> **PROBLEM REQUIREMENTS**: Though the entries hold pictures, only their text should be duplicated, exactly and in full.

+++

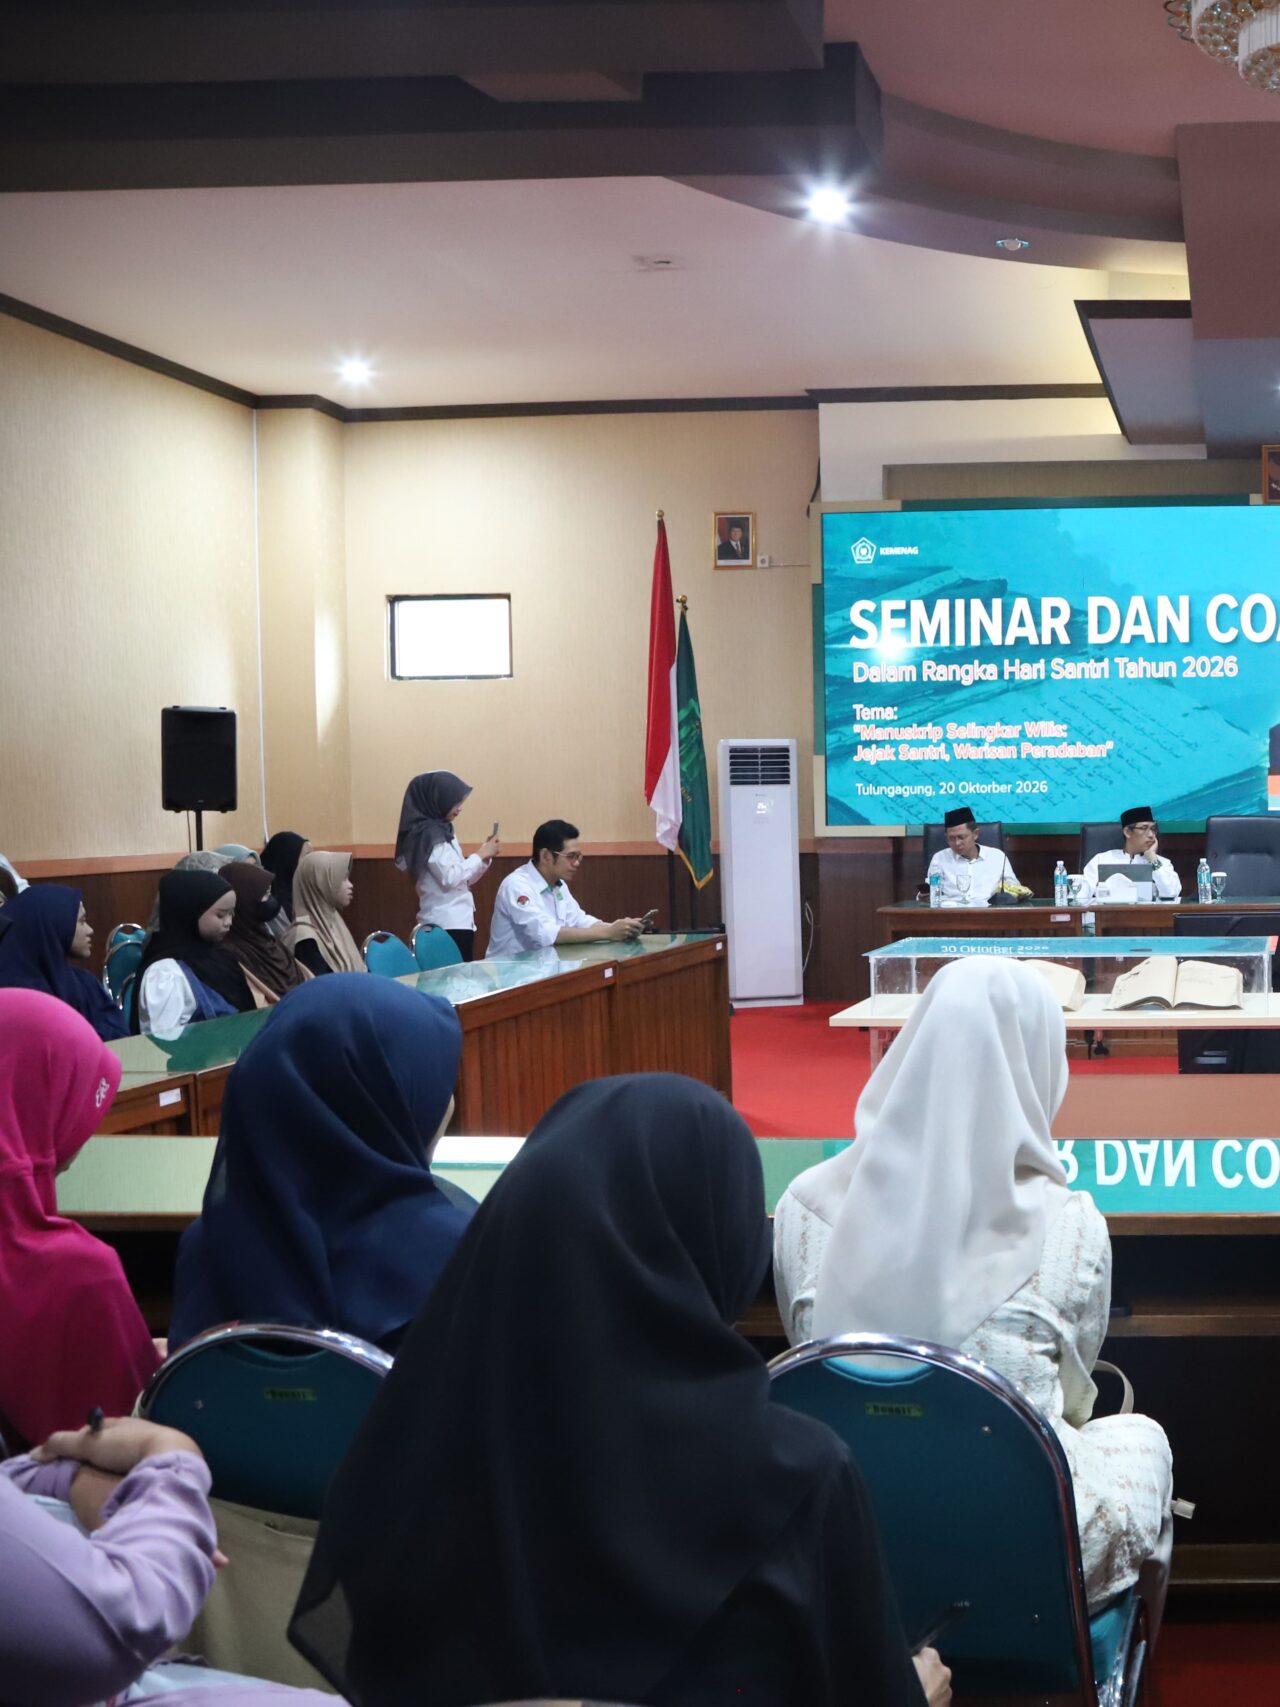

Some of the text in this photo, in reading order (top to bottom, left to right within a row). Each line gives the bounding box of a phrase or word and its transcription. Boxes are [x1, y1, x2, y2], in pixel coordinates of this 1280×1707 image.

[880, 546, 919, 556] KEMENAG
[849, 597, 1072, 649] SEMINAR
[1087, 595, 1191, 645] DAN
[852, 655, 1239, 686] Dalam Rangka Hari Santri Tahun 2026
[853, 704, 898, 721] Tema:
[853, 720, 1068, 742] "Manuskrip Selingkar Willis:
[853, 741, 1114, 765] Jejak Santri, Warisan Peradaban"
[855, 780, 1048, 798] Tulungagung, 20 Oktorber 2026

+++

> **RESPONSE TO THIS TASK**:
Some of the text in this photo, in reading order (top to bottom, left to right within a row). Each line gives the bounding box of a phrase or word and its transcription. Boxes are [x1, y1, x2, y2], in pixel coordinates of this 1280×1707 image.

[880, 546, 919, 556] KEMENAG
[849, 597, 1072, 649] SEMINAR
[1087, 595, 1191, 645] DAN
[852, 655, 1239, 686] Dalam Rangka Hari Santri Tahun 2026
[853, 704, 898, 721] Tema:
[853, 720, 1068, 742] "Manuskrip Selingkar Willis:
[853, 741, 1114, 765] Jejak Santri, Warisan Peradaban"
[855, 780, 1048, 798] Tulungagung, 20 Oktorber 2026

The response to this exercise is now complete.